Surgical intervention is usually less effective in patients with atypical GERD than in patients with typical GERD symptoms of heartburn and regurgitation.[4,12] This again reflects the multifactorial nature of atypical GERD symptoms in many patients. Recent studies advise caution regarding the use of fundoplication in patients with atypical GERD who are unresponsive to PPI therapy.[31]

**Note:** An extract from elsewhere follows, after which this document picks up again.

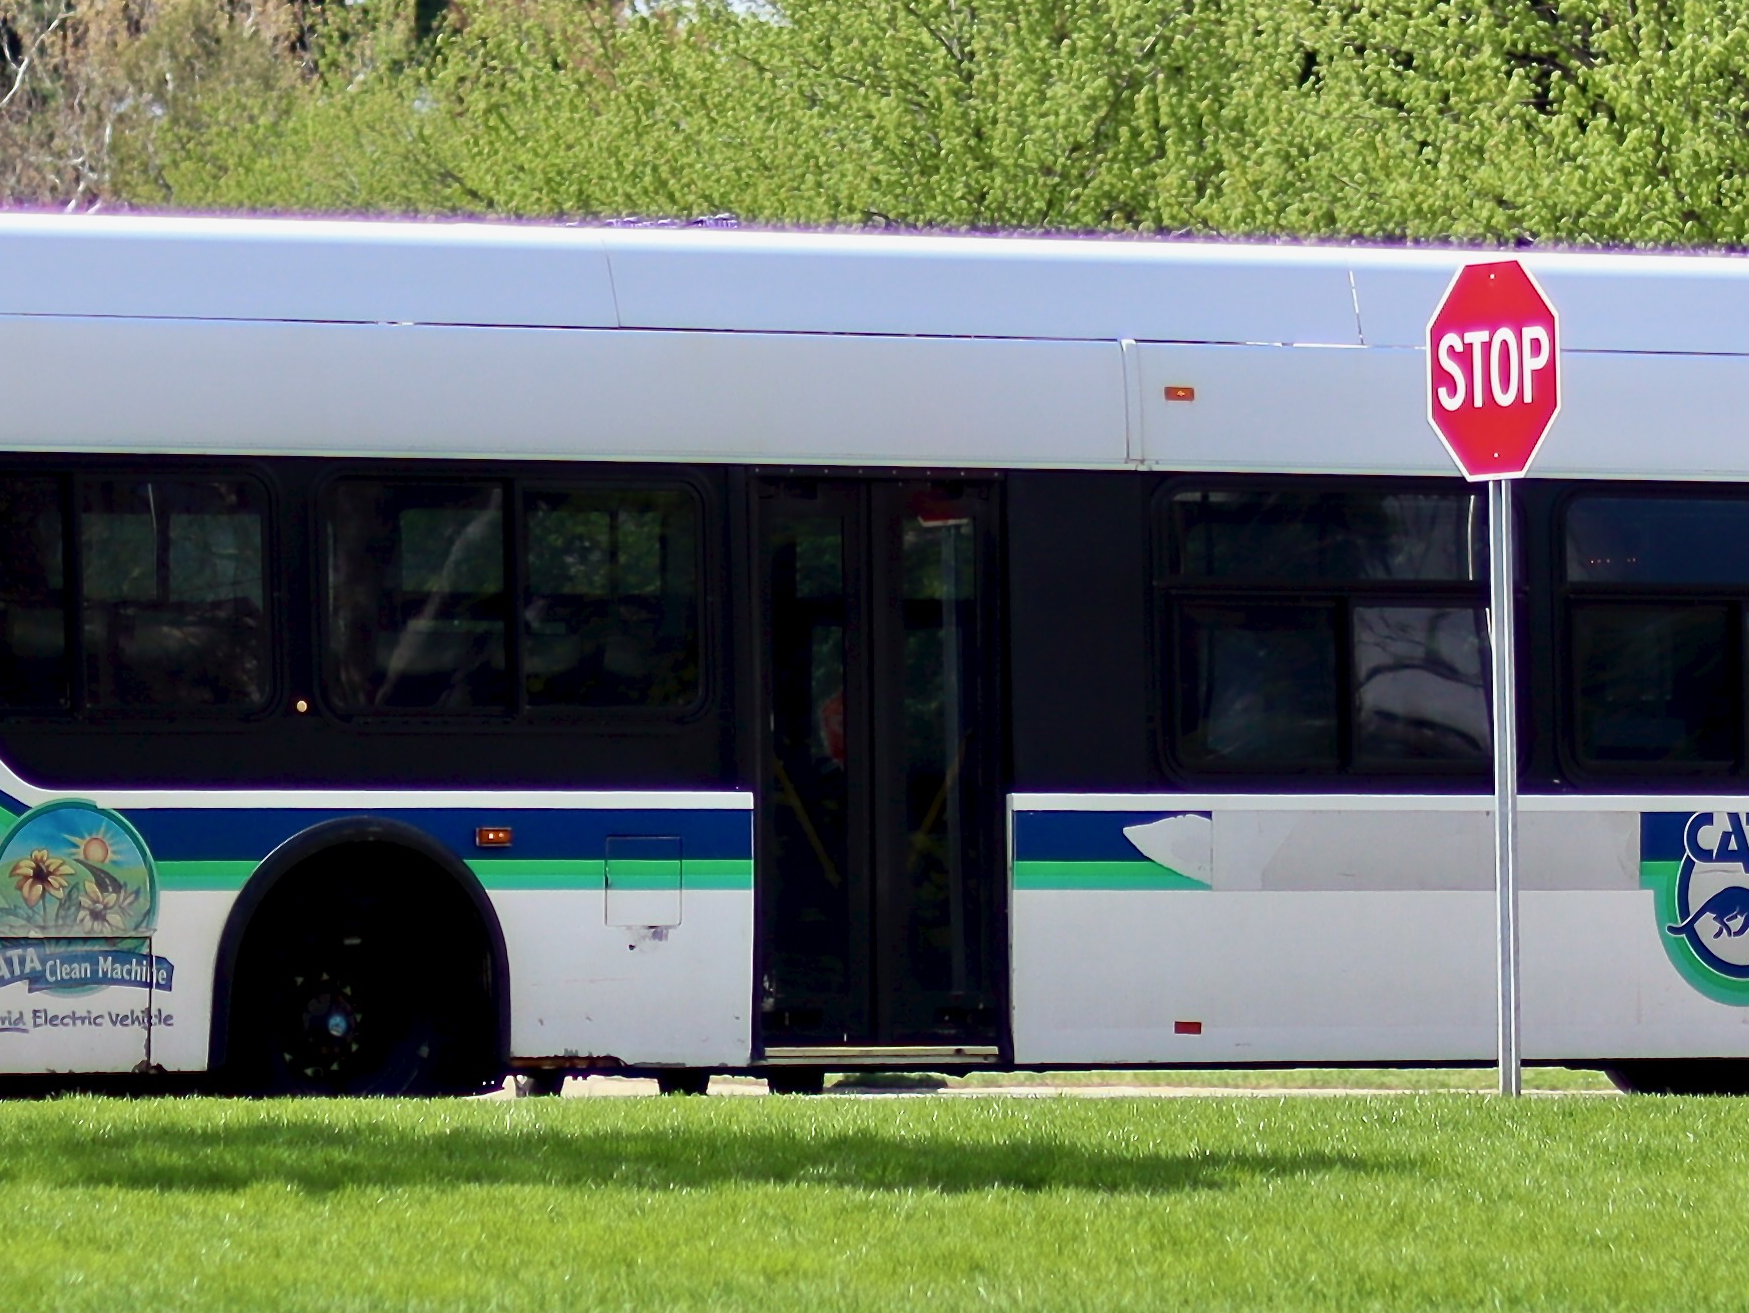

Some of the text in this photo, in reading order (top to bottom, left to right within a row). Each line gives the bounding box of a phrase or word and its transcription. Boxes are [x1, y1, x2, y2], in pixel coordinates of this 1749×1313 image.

[1437, 326, 1550, 411] STOP
[45, 958, 91, 983] Clean
[32, 1008, 105, 1029] Electric

Studies show that response to surgical fundoplication is dependent on medical response to PPIs.[32–34] Recently, Swoger and colleagues[32] reported no benefit of fundoplication in patients with chronic laryngitis suspected to be GERD-related and who did not respond to twice-daily PPIs. Similarly, So and colleagues[33] studied 150 consecutive patients after fundoplication and found that only 56% had relief of atypical symptoms, whereas typical heartburn symptoms resolved in 93%. Furthermore, the only preoperative predictors of relief of atypical symptoms were prior clinical response to pharmacologic acid suppression and abnormal hypopharyngeal pH results. More specifically, a recent uncontrolled case series[34] evaluating the outcome of patients with laryngopharyngeal reflux reported 84% symptom improvement post fundoplication. However, this study again demonstrated a poor outcome in those patients previously unresponsive to PPI therapy.

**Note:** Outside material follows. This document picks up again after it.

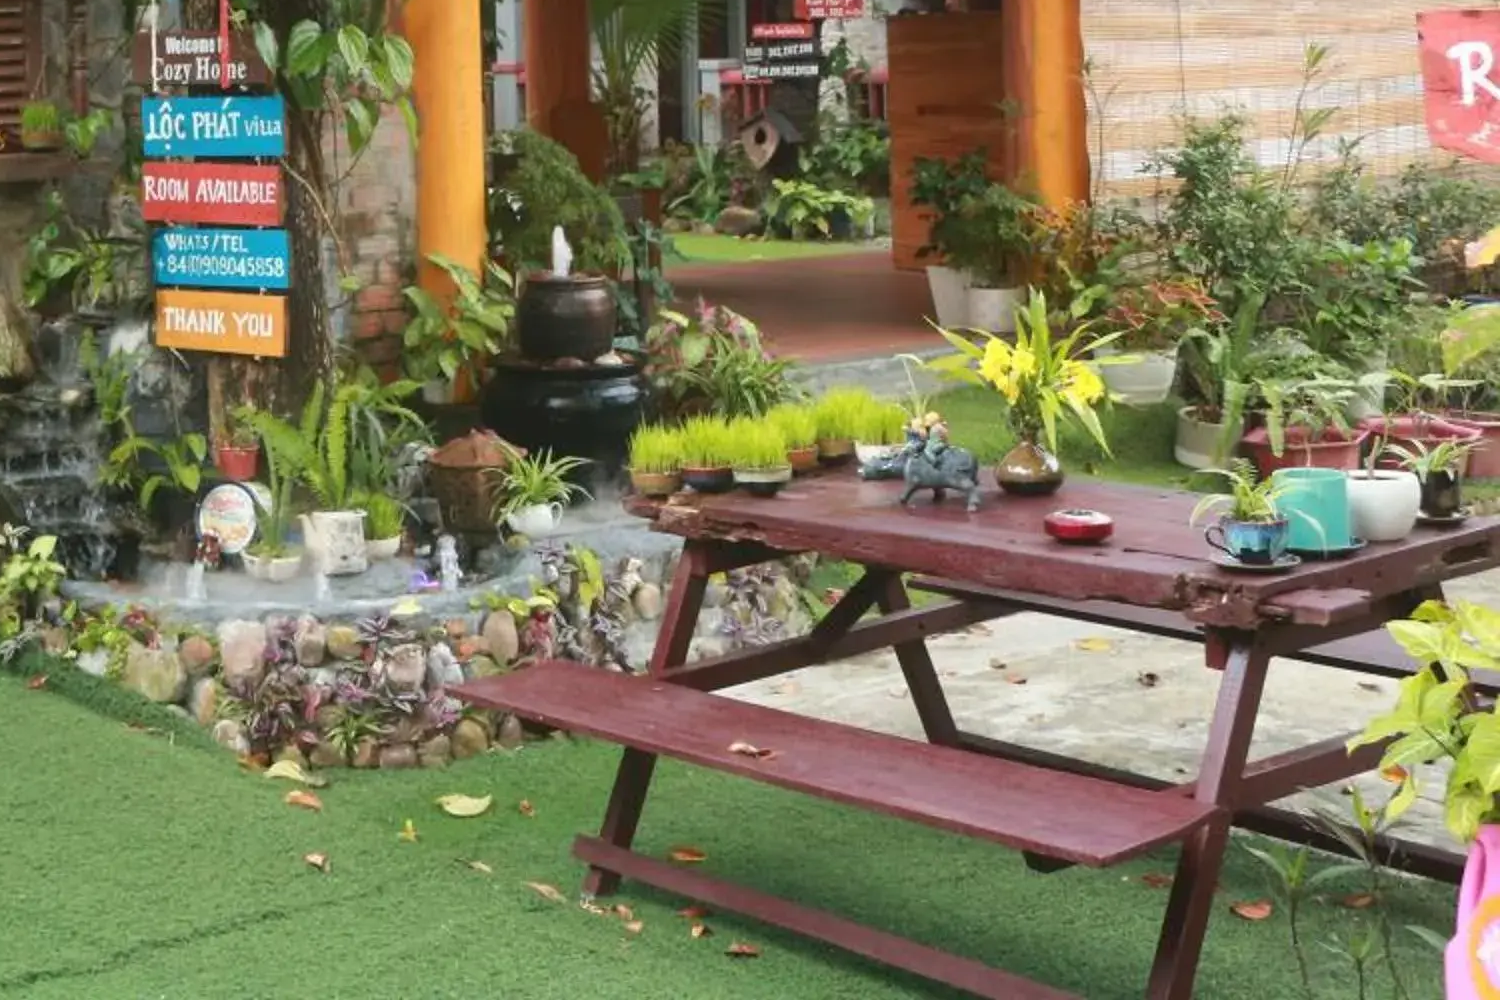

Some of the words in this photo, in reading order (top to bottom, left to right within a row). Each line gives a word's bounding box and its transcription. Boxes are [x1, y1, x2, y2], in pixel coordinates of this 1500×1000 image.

A potential treatment algorithm for atypical GERD is shown in Figure 2. Initial empiric therapy with twice-daily PPIs for 2–3 months is generally recommended.
For patients with laryngitis, longer treatment duration may be needed for resolution of all laryngeal inflammation. In patients with asthma, up to 3 months of treatment may be required to see improvement in bronchial symptoms.[4] However, many patients with atypical symptoms may report a partial response by 6–8 weeks of therapy. For those patients who have minimal or no improvement in their symptoms by 4 months of twice-daily PPI therapy, 24-hour pH/impedance monitoring on therapy may help identify that small subgroup that continues to have abnormal esophageal acid or nonacid exposure. However, in the majority of patients, lack of response is an indication that GERD is most likely not an etiologic factor in their atypical symptoms. In this subgroup of patients, other causes of symptoms should be investigated.
Concluding Remarks
GERD and extraesophageal symptoms have a complex relationship. In many patients who have extraesophageal symptoms, reflux of acid or nonacid gastroduodenal contents may be a causal factor. However, in many others, although GERD may be implicated, reflux disease may play a minimal role. The current diagnostic tests lack specificity to help unravel this complex association. Thus, empiric therapy is currently the most specific tool to determine whether reflux disease is playing a significant role in patients' extraesophageal symptoms. The current recommendation in such patients is therapy with PPIs for at least 2–3 months. In those who respond to therapy, tapering the degree of acid suppression is the next step, whereas in those unresponsive to PPI therapy, causes other than GERD should be sought.